Key Highlights
- ETH traded near $2,306, almost flat over seven days.
- U.S. spot Ethereum ETFs ended the week with about $82.5M net outflows.
- Ethereum developers advanced Glamsterdam with a 200M post-upgrade gas limit floor.
Ethereum (ETH) stayed range-bound this week, trading near $2,306 as of May 2, with CoinGlass showing ETH down only 0.21% over seven days. The move signals consolidation rather than a clean breakout, especially as the token continues to hover around the psychological $2,300 level.
ETH price chart shows bulls defending $2,300
Ethereum’s daily chart shows ETH trading near $2,307, up about 0.63%, after buyers defended the lower end of the recent consolidation range, according to TradingView. The chart shows ETH attempting to hold above the $2,300–$2,310 area, which has now become the immediate level to watch.
The short-term structure remains cautious because ETH is still below the recent rejection zone near $2,400–$2,430. A clean daily close above that range would strengthen the recovery case and open room toward the next major upside zone.
On the downside, the key support sits near $2,280–$2,300. Below that, the moving-average cluster around $2,211 and $2,192 becomes important. A breakdown under those levels would weaken the current rebound and shift attention back toward the $2,100 region.
The Relative Strength Index (RSI) is near 53, showing neutral-to-slightly bullish momentum. This means ETH is not overheated, but the chart still needs stronger volume and a breakout above resistance to confirm a trend reversal.
Ichimoku chart shows early trend improvement
Ethereum’s daily Ichimoku chart shows ETH trading at $2,312.65, up 0.84% on May 2, after opening near $2,300.40. The move places ETH almost exactly around the Ichimoku conversion line at $2,312.57, making this area the first short-term momentum test.
The base line near $2,265.86 now acts as dynamic support. Below that, the cloud support zone sits between $2,289.22 and $2,204.32, giving ETH a broader downside cushion between roughly $2,200 and $2,290.
The future cloud has started turning green, suggesting that bearish pressure has cooled from the late-February and March downtrend. However, the signal is still early. ETH needs a daily close above $2,380–$2,430 before the chart can confirm a stronger bullish reversal.
ETF outflows flipped
The main market story was ETF volatility. Farside Investors data shows U.S. spot Ethereum ETFs saw four straight daily outflows from April 27 to April 30, totaling around $183.7 million, before flipping to $101.2 million in net inflows on May 1.
That still leaves the week at roughly $82.5 million in net outflows, meaning Friday’s inflow improved sentiment but did not fully repair the weekly damage.

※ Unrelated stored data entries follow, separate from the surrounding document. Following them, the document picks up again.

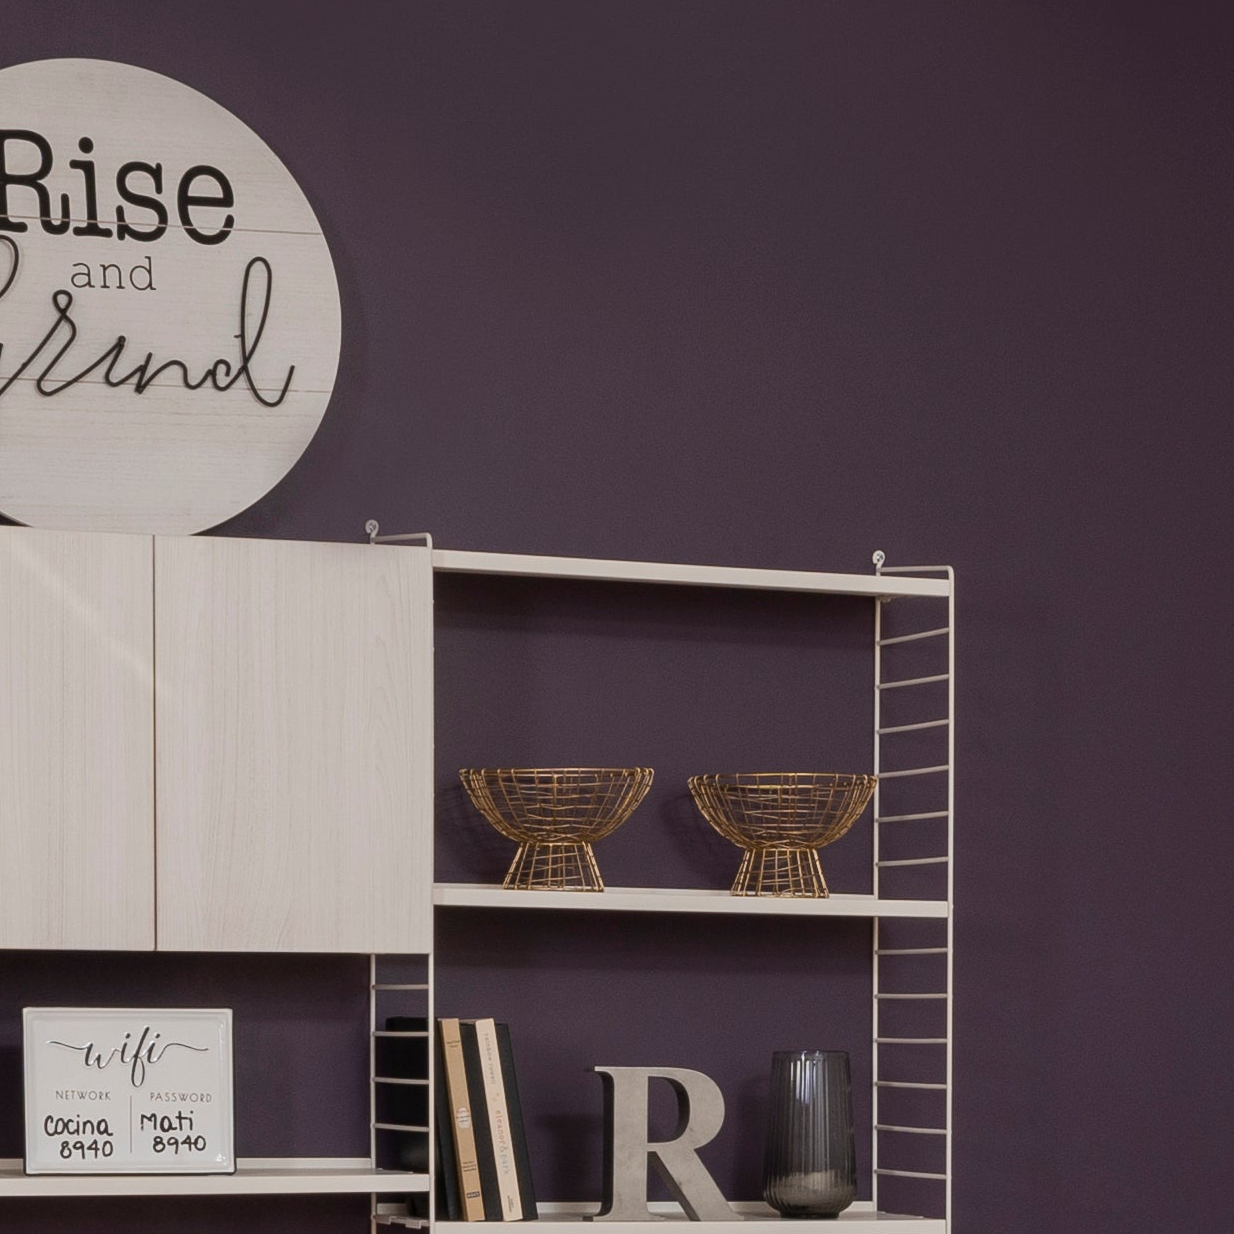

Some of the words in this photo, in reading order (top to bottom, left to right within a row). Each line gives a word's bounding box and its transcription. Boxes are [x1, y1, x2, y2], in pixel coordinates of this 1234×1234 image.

[70, 256, 157, 290] and
[47, 1025, 209, 1088] wifi
[55, 1090, 111, 1101] NETWORK
[150, 1092, 212, 1103] PASSWORD
[140, 1110, 194, 1133] Mati
[59, 1139, 114, 1159] 8940
[152, 1135, 207, 1155] 8940
[586, 1066, 745, 1221] R
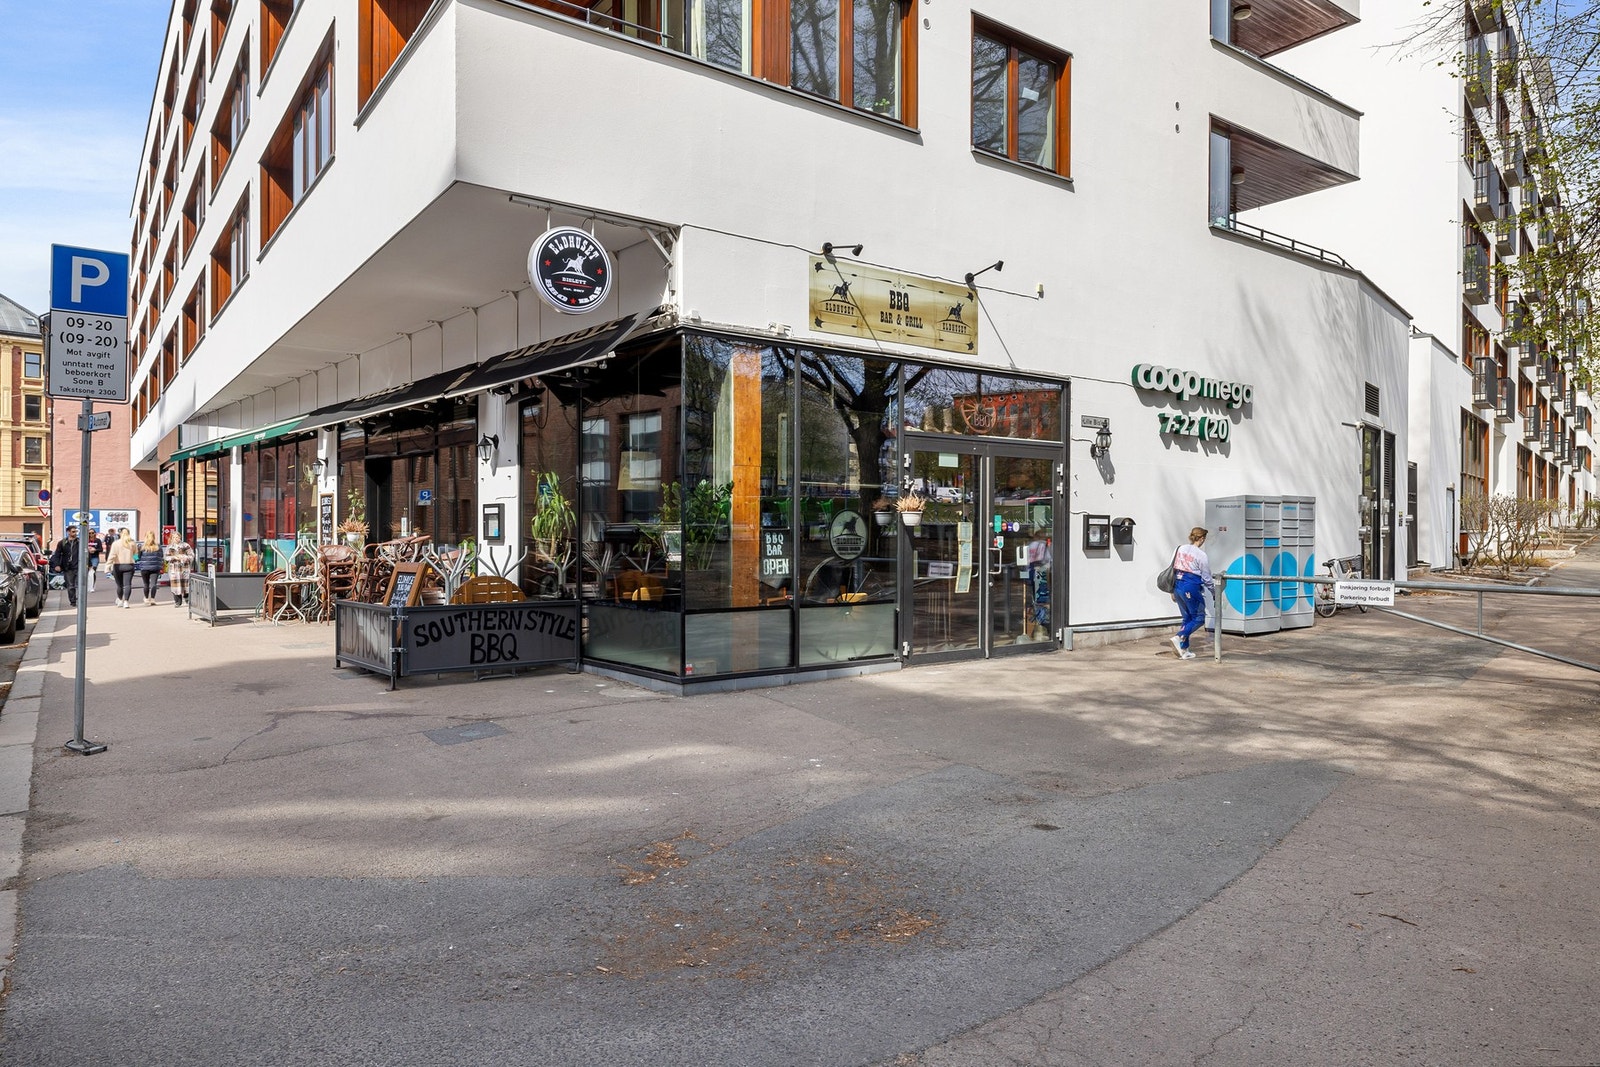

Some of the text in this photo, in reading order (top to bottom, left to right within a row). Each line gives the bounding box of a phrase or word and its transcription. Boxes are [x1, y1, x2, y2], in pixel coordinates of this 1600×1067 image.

[547, 235, 600, 260] ELDHUSET
[71, 256, 110, 304] P
[578, 286, 603, 304] BAR
[889, 290, 910, 312] BBQ
[825, 302, 855, 315] ELDHUSET
[880, 311, 924, 329] BAR & GRILL
[942, 322, 967, 333] ELDHUSET
[87, 351, 111, 359] avgift
[65, 369, 111, 378] beboerkort
[73, 378, 93, 386] Sone
[59, 386, 95, 394] Takstsone
[1133, 363, 1253, 409] coop mega
[1159, 412, 1231, 443] 7-22 (20)
[764, 532, 784, 545] BBQ
[766, 544, 783, 556] BAR
[763, 558, 790, 575] OPEN
[1339, 584, 1368, 592] Innkjøring
[413, 609, 576, 648] SOUTHERN STYLE
[470, 632, 520, 665] BBQ

Derivatives remained heavy compared with spot activity. CoinGlass showed $17.91 billion in 24-hour ETH futures volume against about $794.8 million in spot volume, with $30.87 billion in Open Interest (OI) and around $15 million in ETH liquidations. This keeps ETH vulnerable to sharp moves if the price breaks either side of the current range.
On-chain dex volume drops
On-chain activity was mixed. DefiLlama showed Ethereum’s stablecoin market cap at about $164.46 billion, down 1.37% over seven days, while 24-hour Decentralized Finance (DeFi) fees stood near $585,711. Ethereum DEX volume was about $835 million over 24 hours, but seven-day DEX volume was down nearly 49.44%, showing weaker trading activity despite stable network dominance.
The strongest non-price catalyst came from core development. More than 100 Ethereum contributors gathered for the Soldøgn Interop to harden Glamsterdam implementations. The Ethereum Foundation said the week ended with three key goals delivered: a 200M post-Glamsterdam gas limit floor, stable ePBS implementations with external builders, and final EIP-8037 repricing numbers.
Ethereum’s official roadmap still lists Glamsterdam as the next upgrade in development for H1 2026, followed by Hegotá in H2 2026. That gives ETH a clear protocol catalyst, but the price has not yet priced it as a bullish breakout.
Ethereum’s week was not bearish enough to call a breakdown, but not strong enough to call a breakout. The better angle is: ETF demand tried to recover late, developers delivered progress, but the ETH price remains trapped near $2,300 until volume confirms direction.